>>>>>
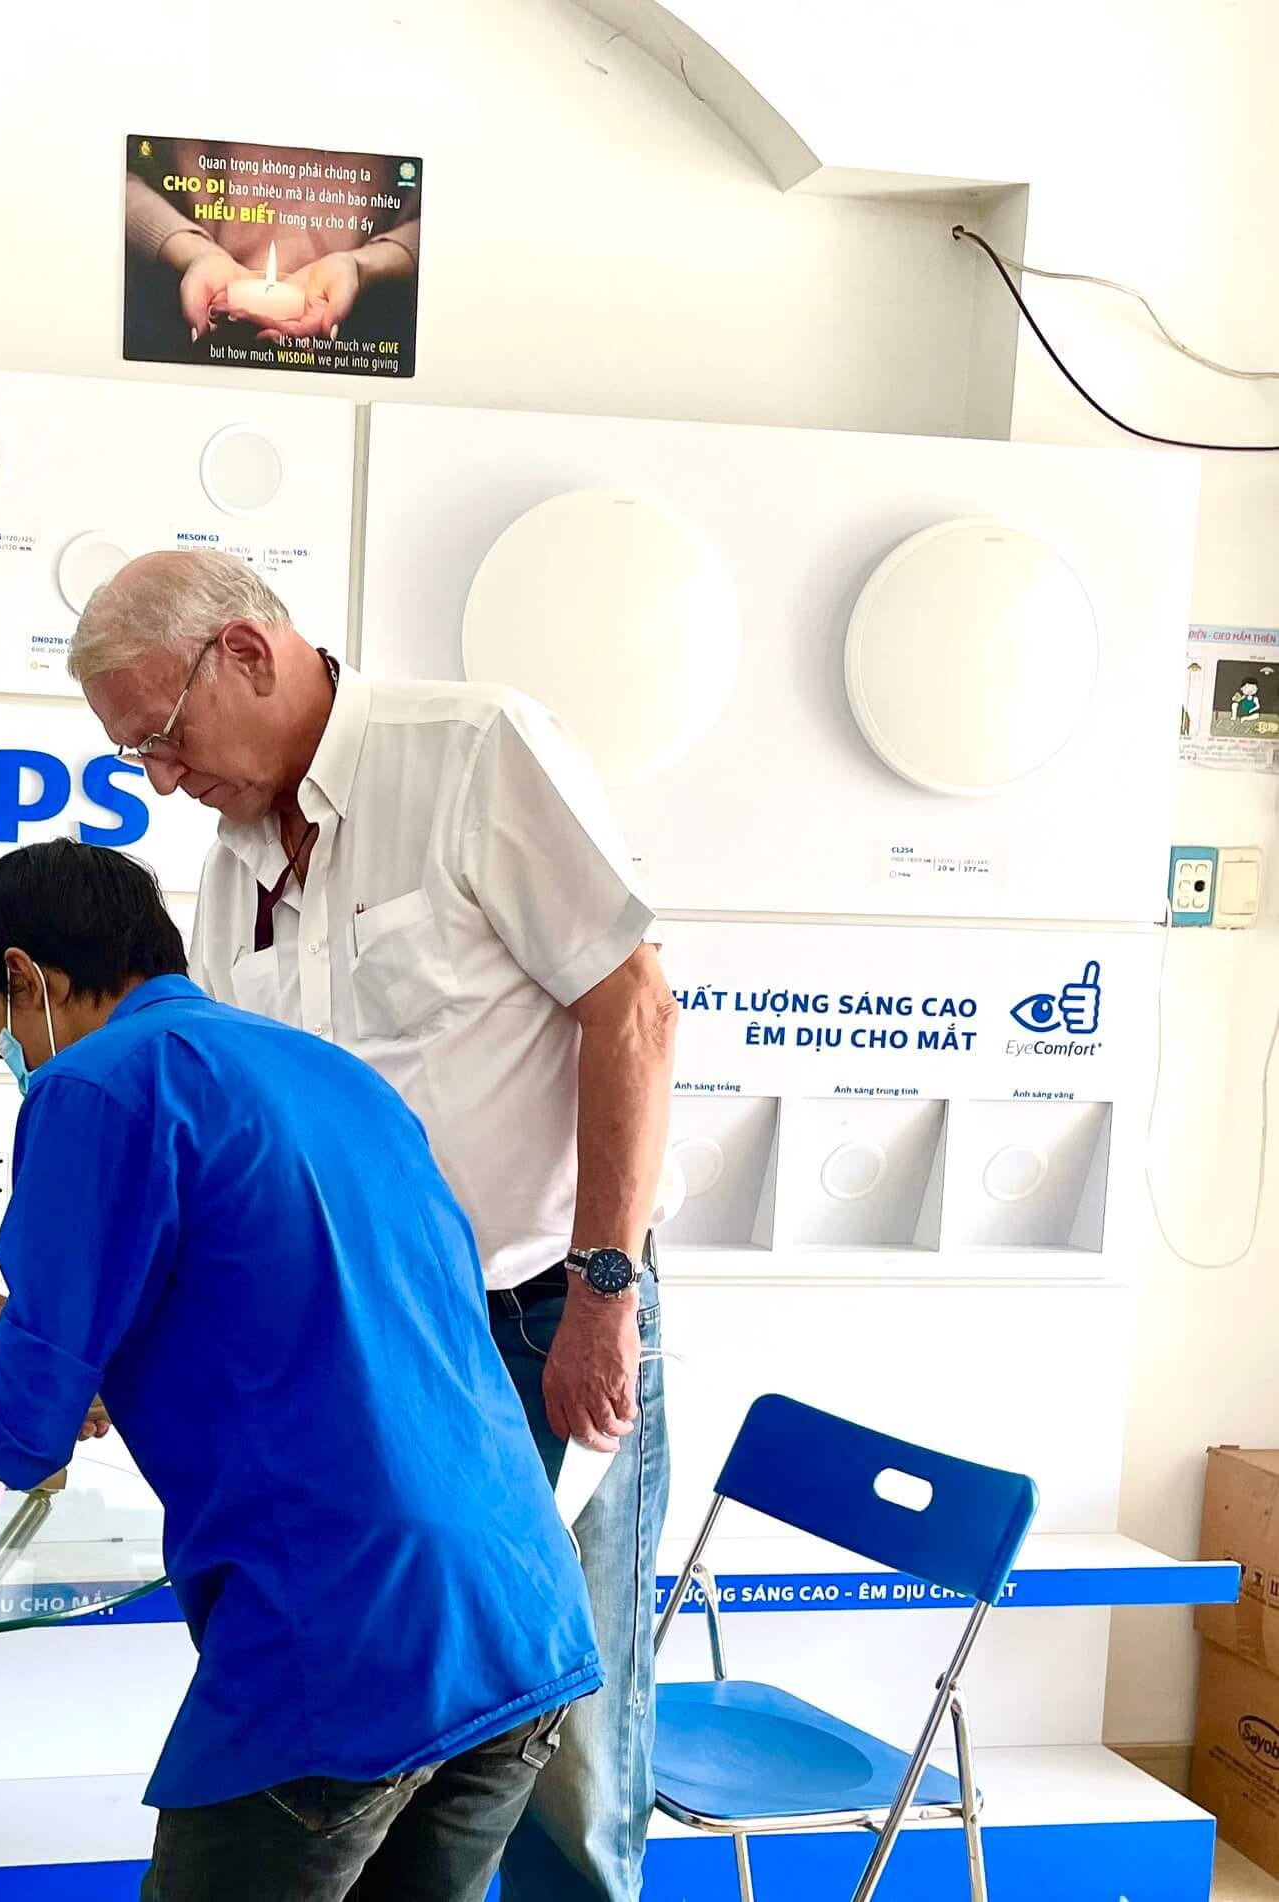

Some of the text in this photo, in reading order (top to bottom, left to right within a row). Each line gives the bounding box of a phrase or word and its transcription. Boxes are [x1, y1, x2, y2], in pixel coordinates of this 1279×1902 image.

[199, 155, 371, 183] Quan trọng không phải chúng ta
[163, 176, 401, 209] CHO ĐI bao nhiêu mà là dành bao nhiêu
[195, 198, 235, 220] HIỂU
[240, 202, 275, 224] BIẾT
[279, 212, 306, 230] trong
[310, 214, 322, 229] sự
[325, 213, 344, 228] cho
[348, 214, 358, 229] đi
[279, 336, 398, 354] It's not how much we GIVE
[210, 344, 398, 372] but how much WISDOM we put into giving
[177, 533, 219, 542] MESON G3
[671, 983, 978, 1018] HẤT LƯỢNG SÁNG CAO
[745, 1021, 978, 1053] ÊM DỊU CHO MẮT
[1006, 1038, 1097, 1057] EyeComfort
[876, 1087, 899, 1096] trung
[741, 1584, 795, 1602] SÁNG
[799, 1586, 839, 1601] CAO
[859, 1582, 887, 1600] ÊM
[893, 1584, 925, 1602] DỊU
[20, 1598, 64, 1612] CHO
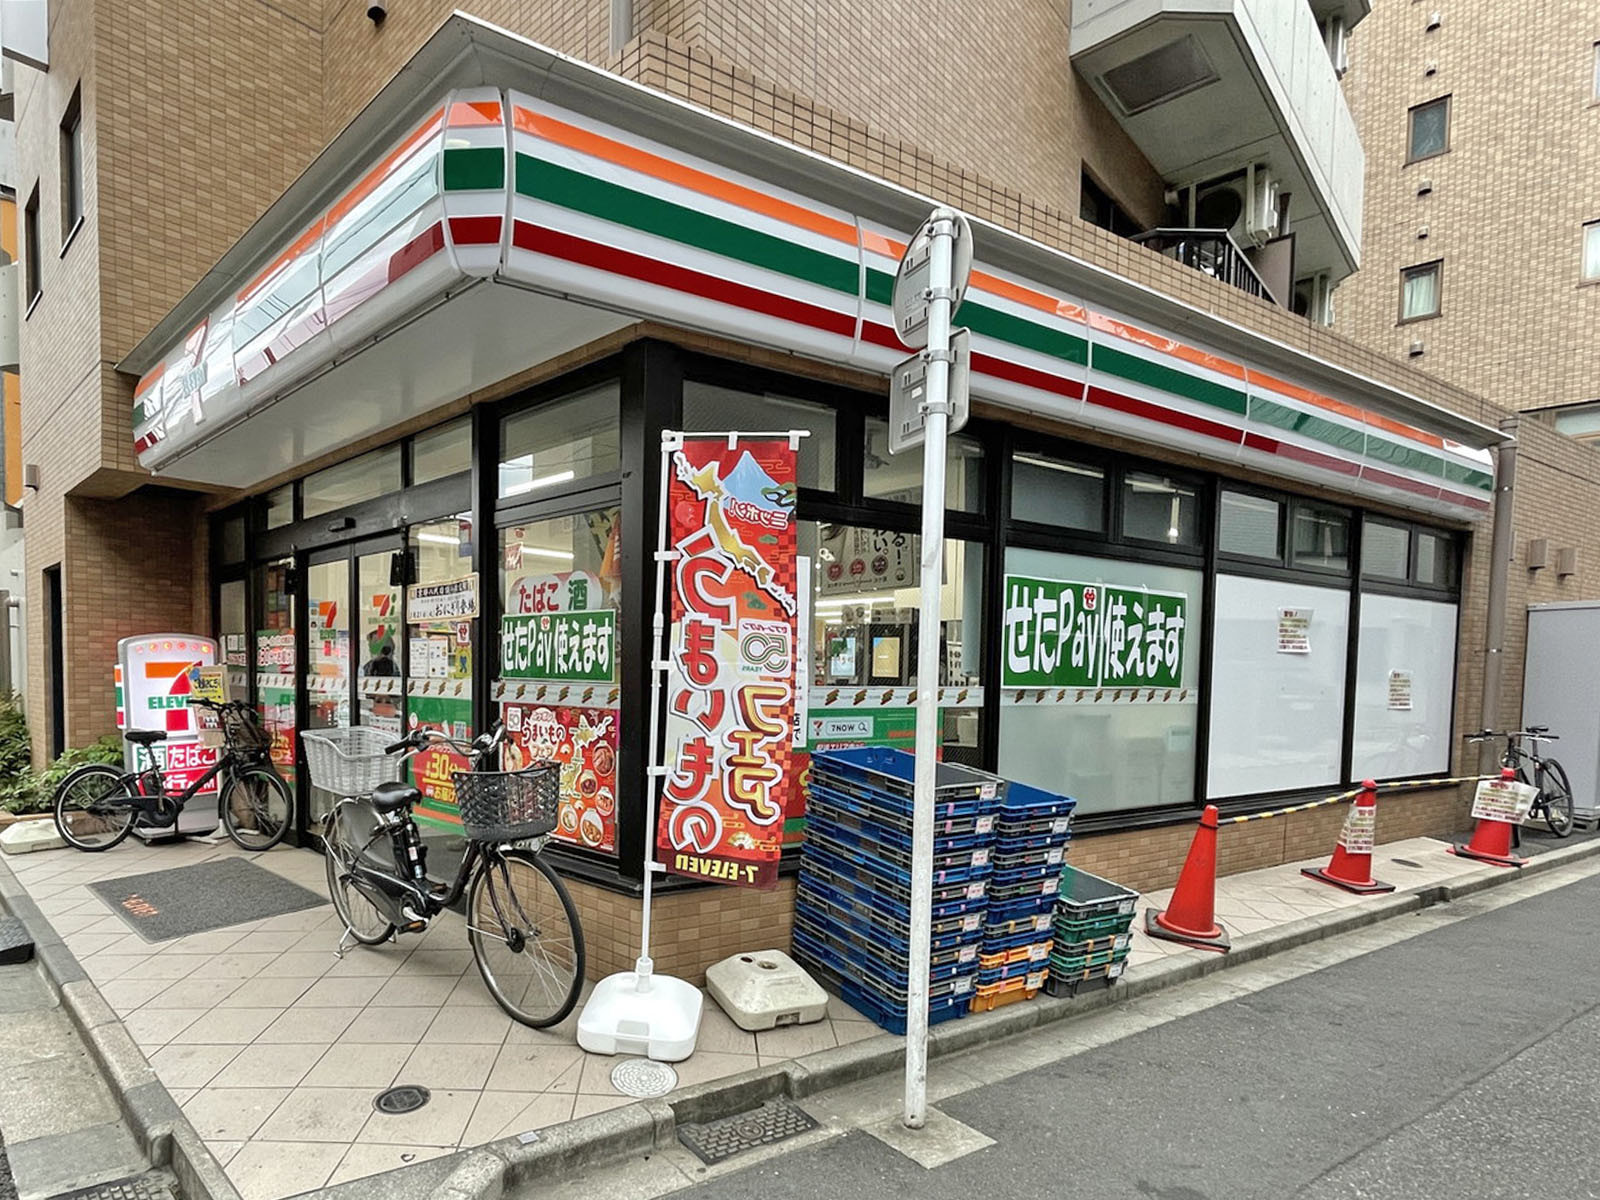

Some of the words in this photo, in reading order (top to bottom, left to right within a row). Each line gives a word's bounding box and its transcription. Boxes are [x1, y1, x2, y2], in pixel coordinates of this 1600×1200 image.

[519, 581, 560, 614] たばこ
[568, 579, 588, 612] 酒
[502, 617, 612, 675] せたPay使えます
[1005, 584, 1185, 680] せたPay使えます
[523, 720, 566, 745] うまいもの
[831, 724, 855, 732] 7NOW
[168, 744, 216, 769] たばこ
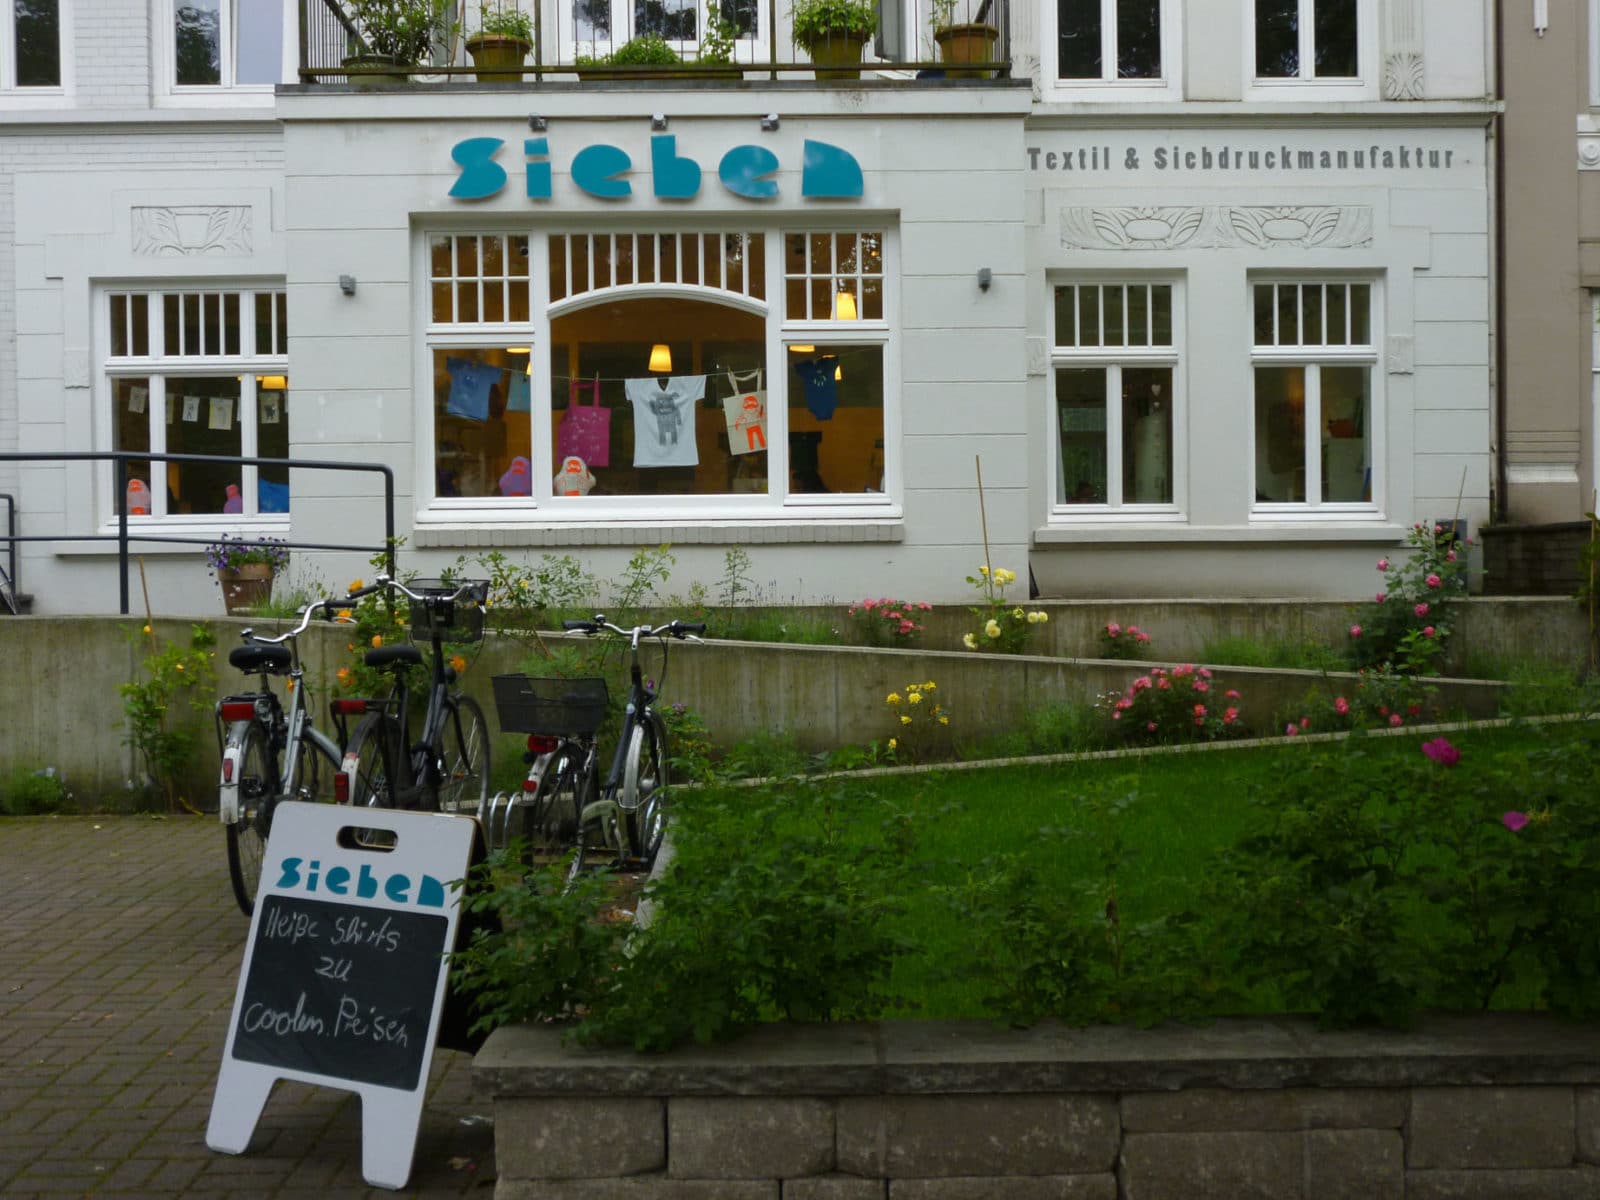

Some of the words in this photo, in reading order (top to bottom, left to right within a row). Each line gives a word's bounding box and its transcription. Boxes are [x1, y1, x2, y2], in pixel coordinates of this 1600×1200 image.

[447, 134, 865, 200] Sieben
[1027, 147, 1111, 171] Textil
[1124, 147, 1140, 170] &
[1154, 145, 1454, 170] Siebdruckmanufaktur
[276, 857, 446, 909] Sieben
[330, 915, 401, 952] Shirts
<<<<<
The job here is to write out the records exactly, pictures excluded.

Some of the text in this photo, in reading order (top to bottom, left to right within a row). Each line gives the bounding box of a phrase or word and its transcription. Boxes are [x1, y1, x2, y2], in pixel coordinates of this 1279×1902 image.

[199, 155, 371, 183] Quan trọng không phải chúng ta
[163, 176, 401, 209] CHO ĐI bao nhiêu mà là dành bao nhiêu
[195, 198, 235, 220] HIỂU
[240, 202, 275, 224] BIẾT
[279, 212, 306, 230] trong
[310, 214, 322, 229] sự
[325, 213, 344, 228] cho
[348, 214, 358, 229] đi
[279, 336, 398, 354] It's not how much we GIVE
[210, 344, 398, 372] but how much WISDOM we put into giving
[177, 533, 219, 542] MESON G3
[671, 983, 978, 1018] HẤT LƯỢNG SÁNG CAO
[745, 1021, 978, 1053] ÊM DỊU CHO MẮT
[1006, 1038, 1097, 1057] EyeComfort
[876, 1087, 899, 1096] trung
[741, 1584, 795, 1602] SÁNG
[799, 1586, 839, 1601] CAO
[859, 1582, 887, 1600] ÊM
[893, 1584, 925, 1602] DỊU
[20, 1598, 64, 1612] CHO

Some of the words in this photo, in reading order (top to bottom, left to right within a row). Each line gives a word's bounding box and its transcription. Boxes are [x1, y1, x2, y2], in pixel coordinates of this 1600×1200 image.

[519, 581, 560, 614] たばこ
[568, 579, 588, 612] 酒
[502, 617, 612, 675] せたPay使えます
[1005, 584, 1185, 680] せたPay使えます
[523, 720, 566, 745] うまいもの
[831, 724, 855, 732] 7NOW
[168, 744, 216, 769] たばこ

Some of the words in this photo, in reading order (top to bottom, left to right within a row). Each line gives a word's bounding box and its transcription. Boxes are [x1, y1, x2, y2], in pixel coordinates of this 1600×1200 image.

[447, 134, 865, 200] Sieben
[1027, 147, 1111, 171] Textil
[1124, 147, 1140, 170] &
[1154, 145, 1454, 170] Siebdruckmanufaktur
[276, 857, 446, 909] Sieben
[330, 915, 401, 952] Shirts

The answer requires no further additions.